IRAQ’S most senior Shia cleric last night issued a call to arms as Sunni militants seized more towns and the United Nations warned of “murder of all kinds” in the warzone.
Earlier claims that fighters from the Islamic State of Iraq and al-Sham (Isis) was allowing surrendering soldiers and civilians to walk free were quashed as harrowing footage emerged reportedly showing civilians being led away to be killed.
UN officials expressed “extreme alarm” at reprisal killings in the offensive, citing reports of hundreds of dead and wounded.
In one video, Isis fighters are seen knocking on the door of a police major at night, before seizing, blindfolding and decapitating him.
United States president Barack Obama last night said he is weighing options for countering the insurgency, but warned Iraqi leaders that he would not take military action unless they moved to address the country’s political troubles.
Fighters from the al-Qaeda-inspired Isis made fresh gains, capturing two towns in an ethnically mixed province northeast of Baghdad.
The Isis assault also threatens to embroil Iraq more deeply in a wider regional conflict, feeding off the chaos caused by the civil war in neighbouring Syria.
The fast-moving rebellion, which also draws support from former Saddam Hussein-era figures and other disaffected Sunnis, has emerged as the biggest threat to Iraq’s stability since the US withdrawal in December 2011.
It has pushed the nation closer to a precipice that could partition it into Sunni, Shiite and Kurdish zones.
Prime minister Nouri al-Maliki’s Shiite-led government is struggling to form a coherent response after militants overran the country’s second-largest city of Mosul, Saddam’s hometown of Tikrit and smaller communities, as well as military and police bases – often after meeting little resistance from state security forces.
A representative for Grand Ayatollah Ali al-Sistani, the most revered Shi’ite spiritual leader in Iraq, told worshippers at Friday prayers that it was their civic duty to confront the threat.
“Citizens who can carry weapons and fight the terrorists in defence of their country, its people and its holy sites, should volunteer and join the security forces,” said Sheik Abdul-Mahdi al-Karbalaie, a cleric whose comments are thought to reflect Ayatollah al-Sistani’s thinking.
He warned that Iraq faced “great danger” and that the responsibility of fighting the militants “is everybody’s responsibility, and is not limited to one specific sect or group”.
In Geneva, UN human rights chief Navi Pillay warned of “murder of all kinds” and other war crimes in Iraq, where her office says the number of those killed in recent days may run into the hundreds.
Ms Pillay said her office has received reports that militants rounded up and killed Iraqi army soldiers as well as 17 civilians in a single street in Mosul.
Her office is hearing of “summary executions and extra-judicial killings” as Isis militants overran Iraqi cities and towns this week, the statement said.
“I am extremely concerned about the acute vulnerability of civilians caught in the crossfire, or targeted in direct attacks by armed groups, or trapped in areas under the control of Isis and their allies,” Ms Pillay said.
“And I am especially concerned about the risk to vulnerable groups, minorities, women and children.”
Mr Obama did not specify what options he was considering, but he ruled out sending American troops back into combat in Iraq.
Shiite powerhouse Iran signalled its willingness to confront the growing threat from the militant blitz.
Iran’s official IRNA news agency reported former members of Tehran’s Revolutionary Guard have announced their readiness to fight in Iraq against Isis.
Iran has built close political and economic ties with postwar Iraq, and many influential Iraqi Shi’ites have lived for stretches of time in the Islamic Republic.
Militants driving in machine gun-mounted pick-ups entered the two newly-conquered towns in Diyala province late on Thursday – Jalula, 80 miles, northeast of Baghdad, and Sadiyah, just 60 miles north of the capital.
Residents of Jalula said the gunmen issued an ultimatum to the Iraqi soldiers not to resist and give up their weapons in exchange for safe passage.
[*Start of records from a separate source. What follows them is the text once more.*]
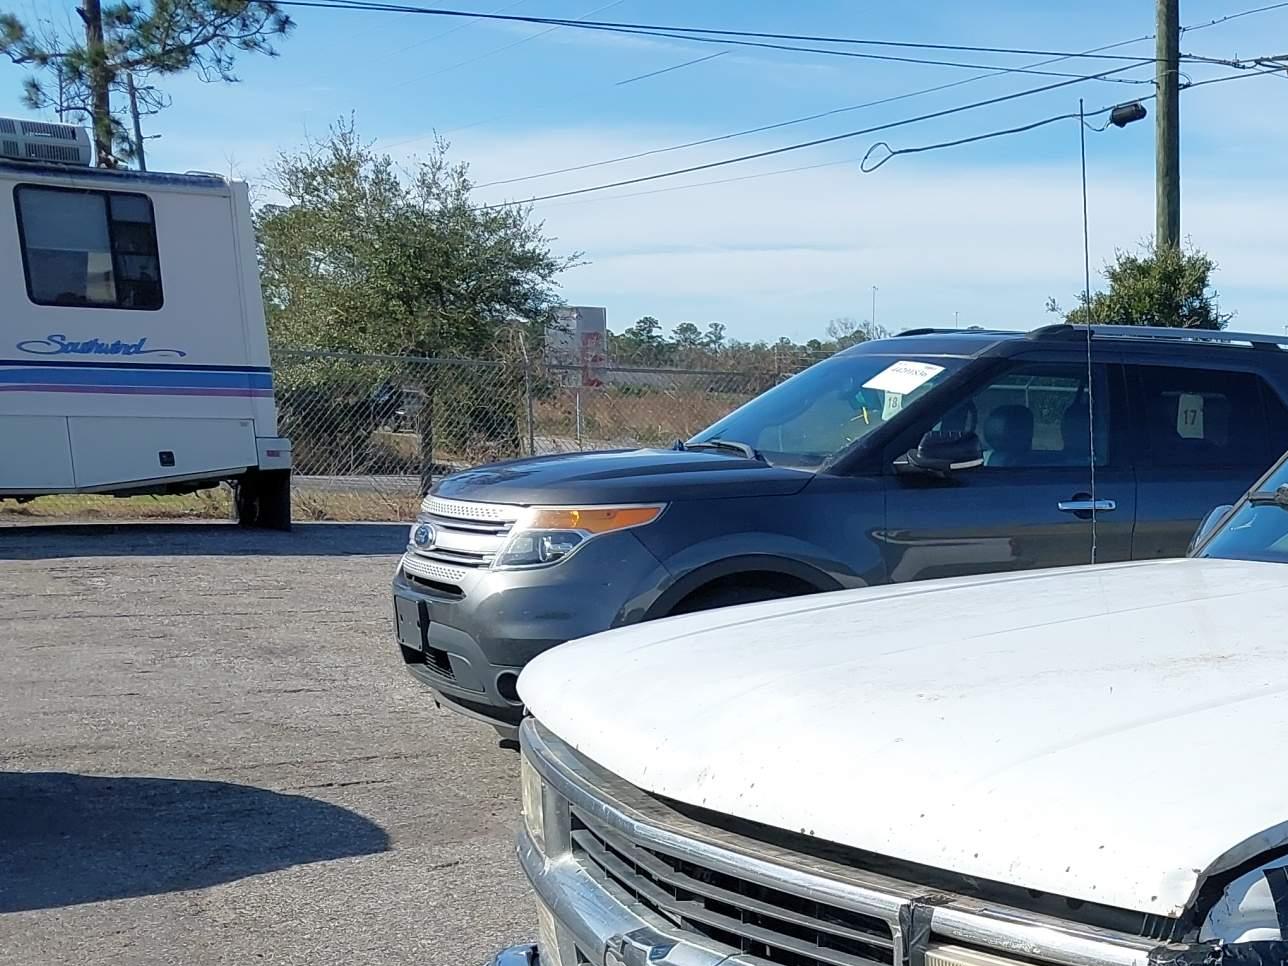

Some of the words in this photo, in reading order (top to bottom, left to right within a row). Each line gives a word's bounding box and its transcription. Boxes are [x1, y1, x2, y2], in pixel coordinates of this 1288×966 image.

[16, 334, 187, 357] Southwind
[888, 397, 898, 408] 18
[1184, 409, 1197, 425] 17
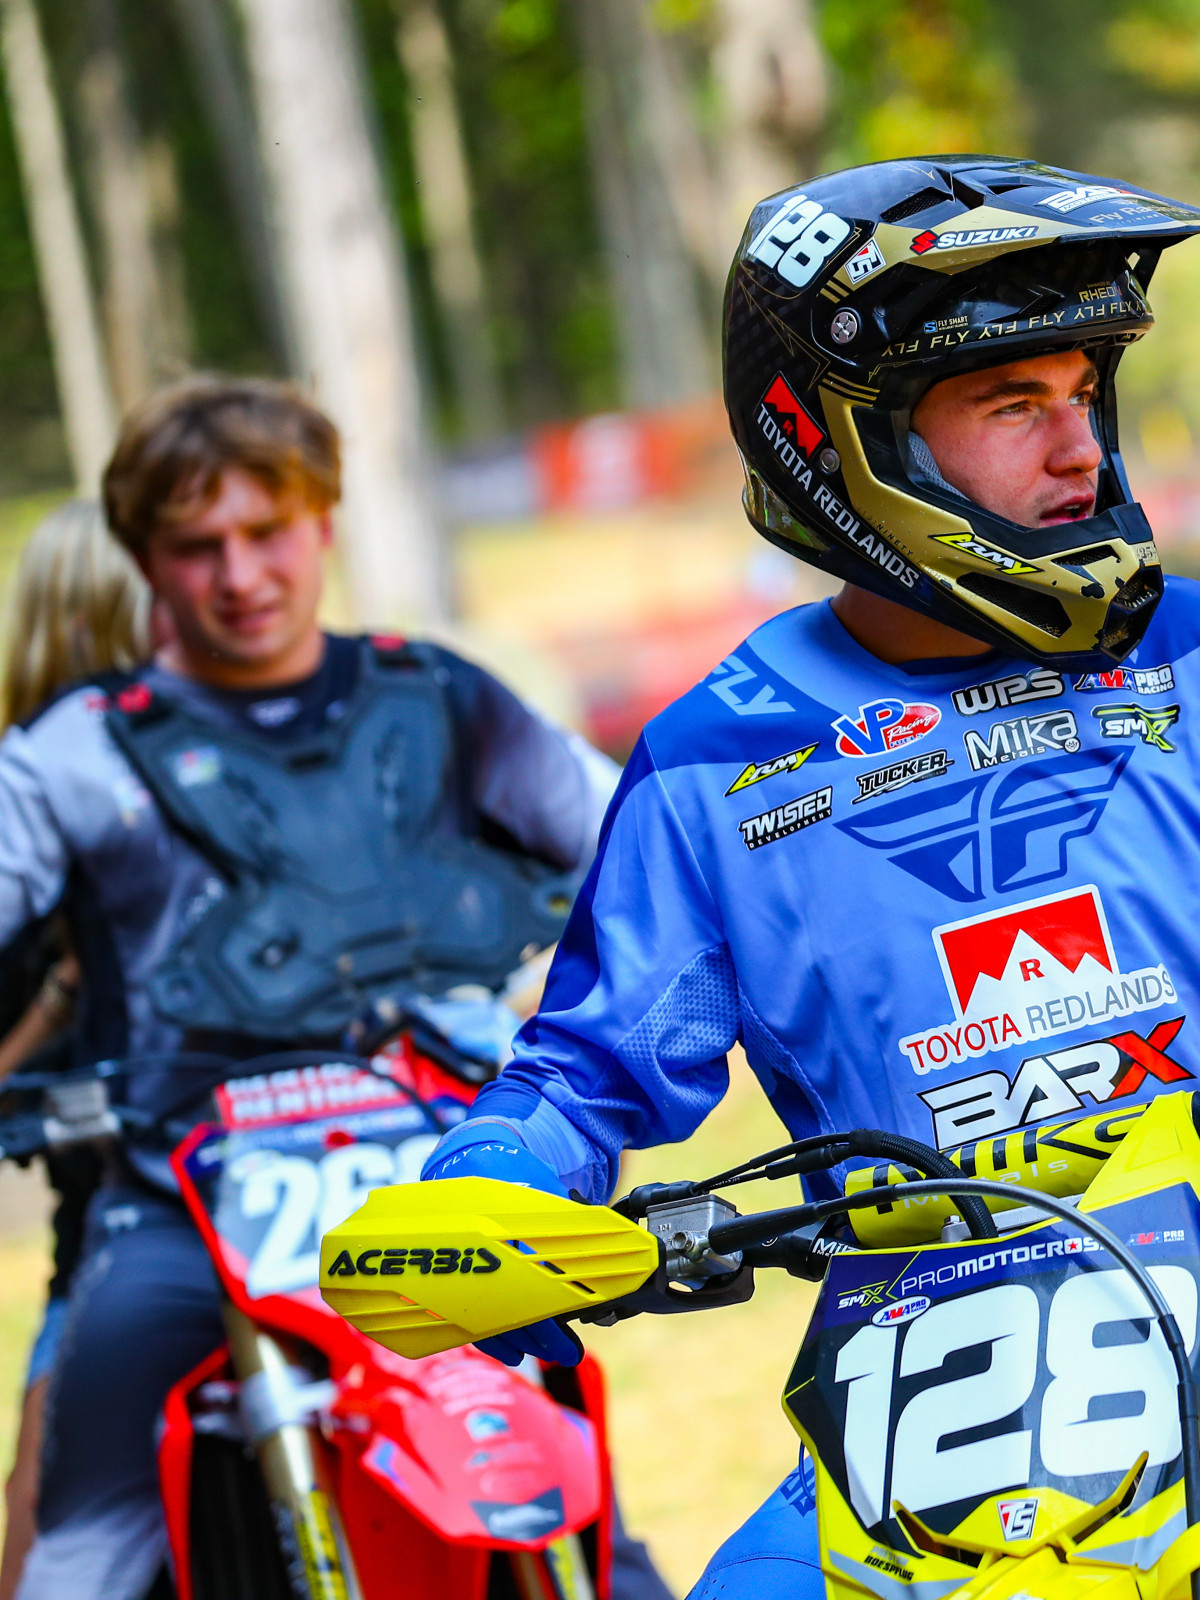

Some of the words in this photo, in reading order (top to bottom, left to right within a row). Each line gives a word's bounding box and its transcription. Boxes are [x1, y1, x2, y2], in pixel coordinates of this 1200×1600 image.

[747, 194, 851, 287] 128
[937, 225, 1037, 250] SUZUKI
[930, 330, 970, 348] FLY
[1029, 310, 1066, 329] FLY
[1110, 302, 1132, 314] FLY
[938, 319, 948, 328] FLY
[949, 316, 968, 326] SMART
[756, 403, 814, 492] TOYOTA
[813, 485, 920, 589] REDLANDS
[930, 532, 1043, 575] ARMY
[707, 654, 797, 716] FLY
[954, 668, 1064, 716] WPS
[1075, 669, 1137, 692] AMA
[1134, 666, 1173, 686] PRO
[1137, 682, 1175, 694] RACING
[833, 699, 906, 757] VP
[886, 711, 940, 742] Racing
[888, 732, 925, 749] FUELS
[965, 711, 1077, 771] Mika
[1101, 709, 1177, 751] SMX
[724, 742, 819, 797] ARMY
[861, 750, 947, 794] TUCKER
[983, 745, 1046, 768] Metals
[748, 808, 832, 850] DEVELOPMENT
[1018, 958, 1045, 983] R
[906, 1012, 1022, 1069] TOYOTA
[1026, 969, 1175, 1035] REDLANDS
[916, 1015, 1197, 1151] BARX
[441, 1147, 474, 1174] FLY
[240, 1132, 448, 1299] 26
[1163, 1229, 1185, 1238] PRO
[327, 1246, 502, 1277] ACERBIS
[837, 1280, 886, 1309] SMX
[877, 1303, 911, 1324] AMA
[910, 1298, 927, 1308] PRO
[834, 1264, 1198, 1530] 128
After seizing the town, the gunmen announced on loudspeakers that they had come to rescue residents from injustice and that none would be hurt.
The leader of Isis, Abu Bakr al-Baghdadi, is an enigmatic character said to mask his face, even in the presence of his aides.
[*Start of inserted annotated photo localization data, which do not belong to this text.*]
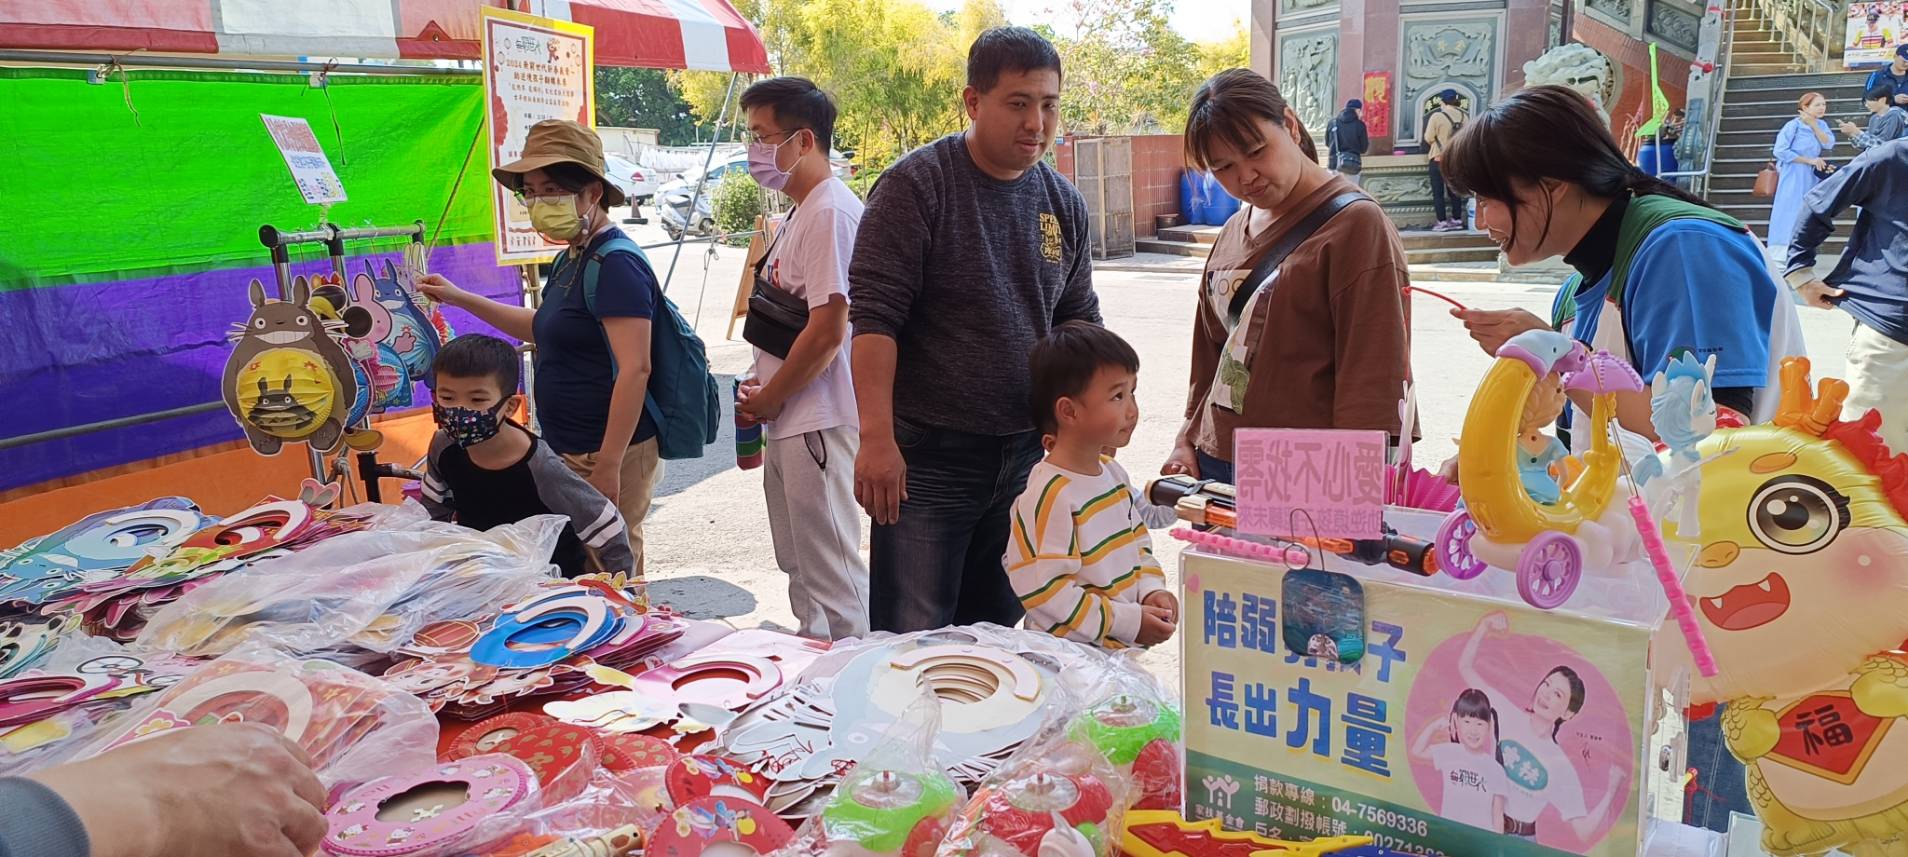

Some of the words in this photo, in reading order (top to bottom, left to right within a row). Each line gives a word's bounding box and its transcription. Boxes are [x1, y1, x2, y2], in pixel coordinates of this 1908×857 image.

[1204, 590, 1406, 683] 陪弱子
[1205, 671, 1392, 777] 長出力量
[1795, 704, 1853, 756] 福
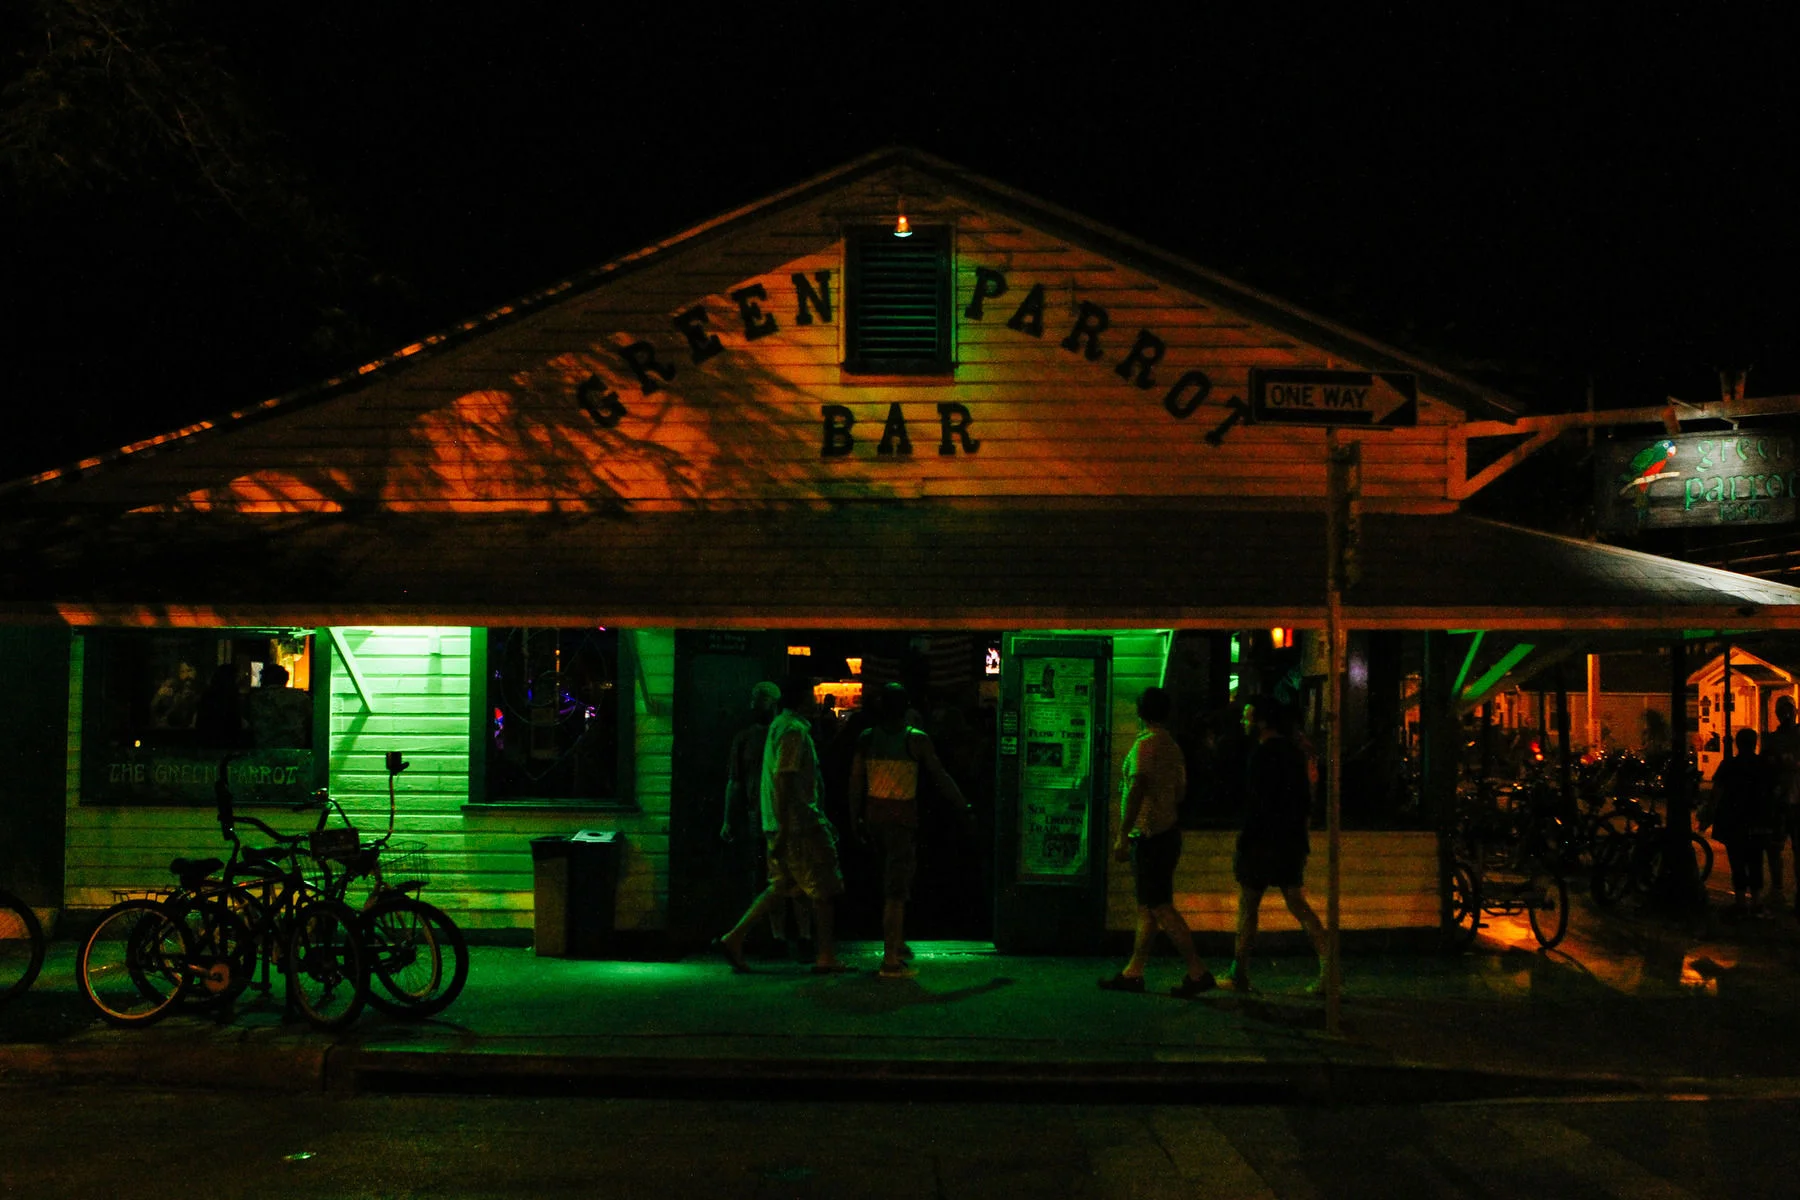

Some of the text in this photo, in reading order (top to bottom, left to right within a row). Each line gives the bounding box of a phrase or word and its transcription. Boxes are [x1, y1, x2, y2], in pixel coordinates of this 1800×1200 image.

[575, 267, 1249, 444] GREEN PARROT
[1271, 385, 1367, 409] ONE WAY
[822, 402, 980, 459] BAR
[109, 763, 146, 784] THE
[154, 764, 220, 785] GREEN
Dubbed the “next” Osama Bin Laden, there is a $10 million bounty on his head.
Baghdad authorities have tightened security around the capital and residents are stocking up on essentials.
The Islamic militants also declared they would impose Shariah law in Mosul, which they captured on Tuesday, and other areas they seized, with savage punishments for crimes.
Online video showed Isis fighters holding a parade in a Mosul neighbourhood, with many of the gunmen cruising in vehicles seized from Iraqi forces.